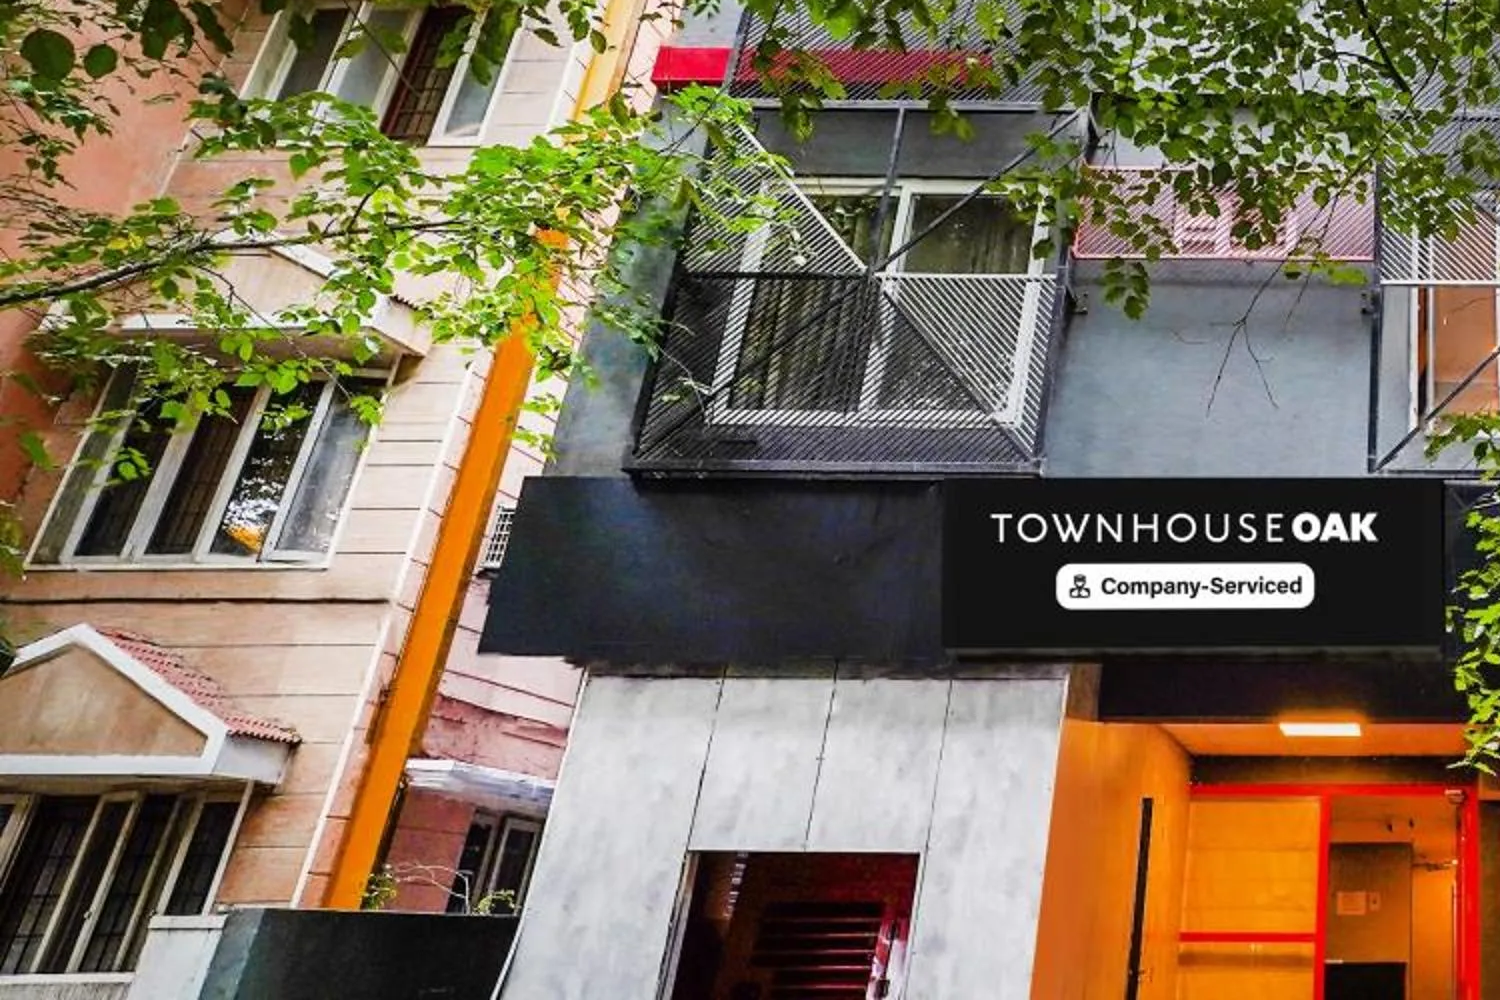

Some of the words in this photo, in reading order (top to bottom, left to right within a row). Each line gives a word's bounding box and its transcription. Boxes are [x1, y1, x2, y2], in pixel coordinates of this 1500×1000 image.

[990, 512, 1284, 543] TOWNHOUSE
[1291, 511, 1378, 543] OAK
[1101, 575, 1303, 599] Company-Serviced
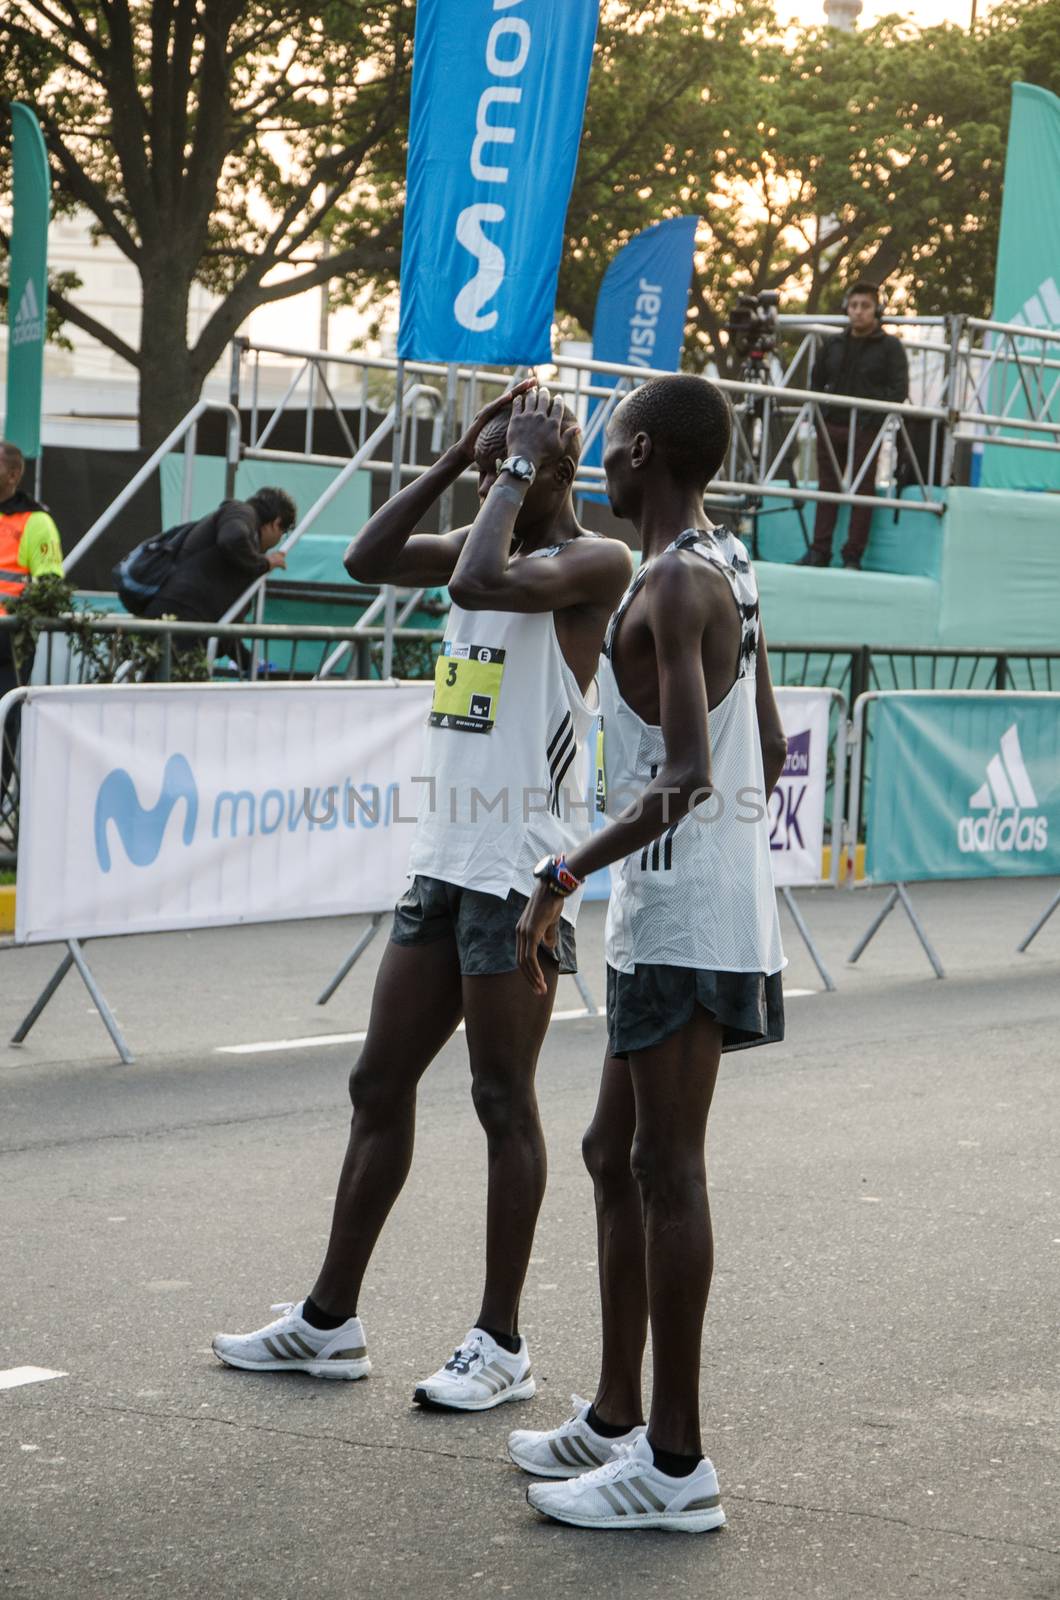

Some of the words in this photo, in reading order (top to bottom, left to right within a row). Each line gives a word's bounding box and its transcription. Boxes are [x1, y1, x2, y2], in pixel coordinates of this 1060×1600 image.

[470, 0, 531, 183] mo
[481, 650, 489, 662] E
[446, 662, 458, 687] 3
[957, 807, 1048, 853] adidas
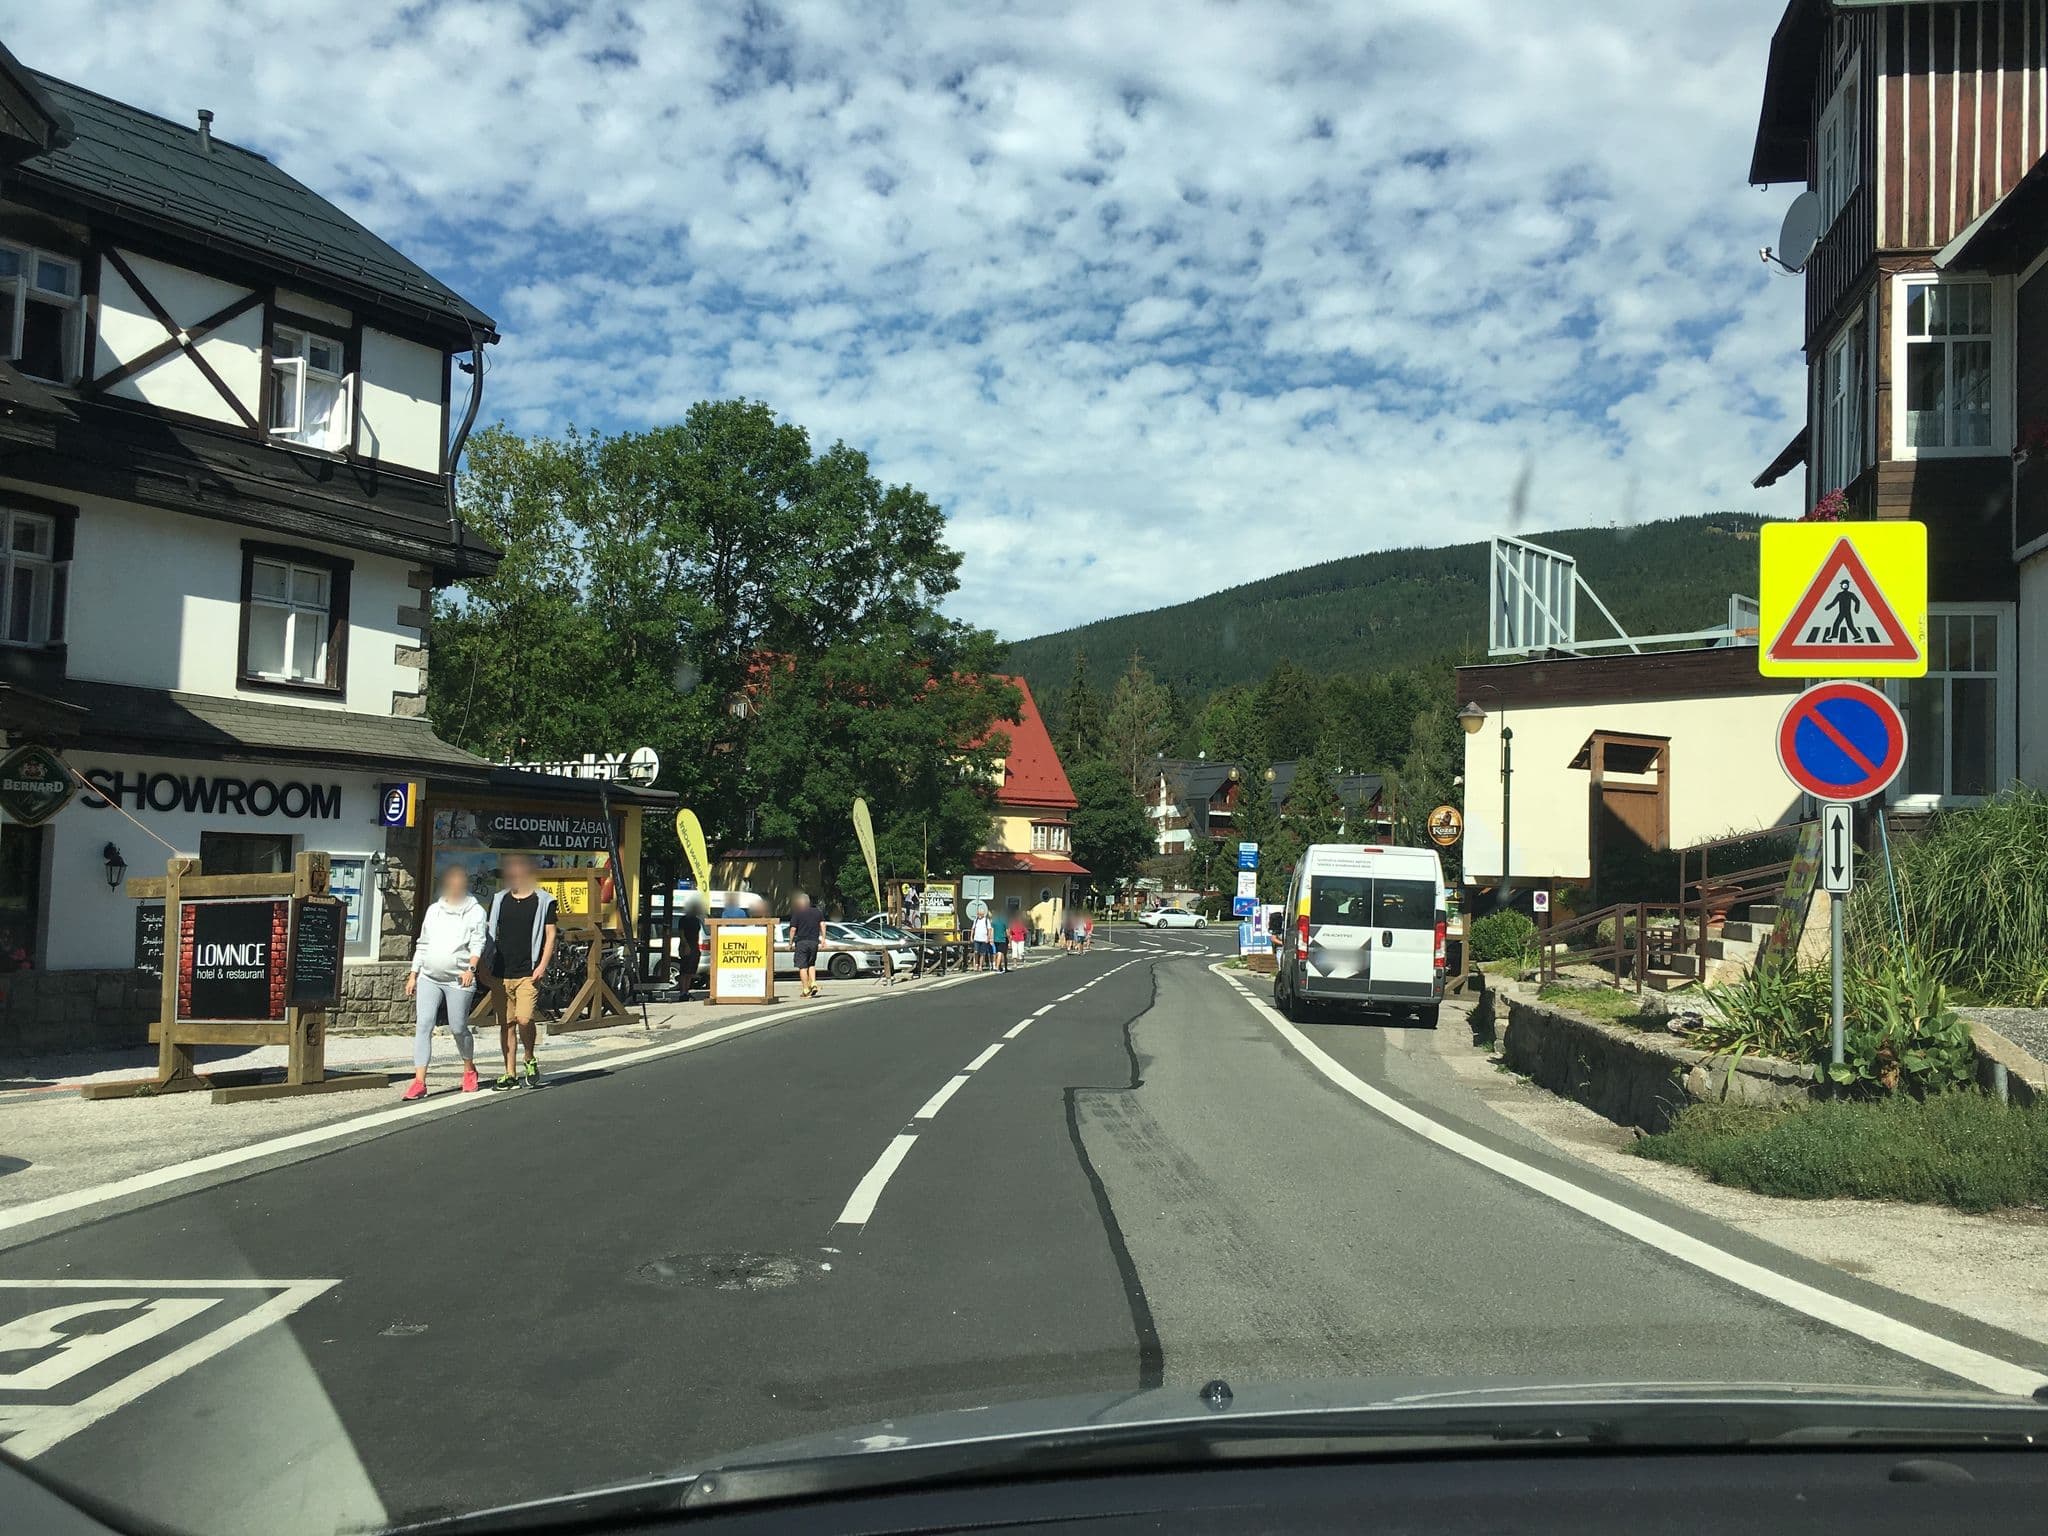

What the task requires :: Give again, word for word, the lines above from the one with "this 1060×1600 image." through the final line of the data, both ends included. Do not copy any picture.

Answer space ::
Some of the words in this photo, in reading order (top to bottom, left to right within a row). Each line gives a word's bounding box and its transcription. Boxes are [x1, y1, x2, y2], in pixel coordinates of this 1060×1600 image.

[470, 0, 531, 183] mo
[481, 650, 489, 662] E
[446, 662, 458, 687] 3
[957, 807, 1048, 853] adidas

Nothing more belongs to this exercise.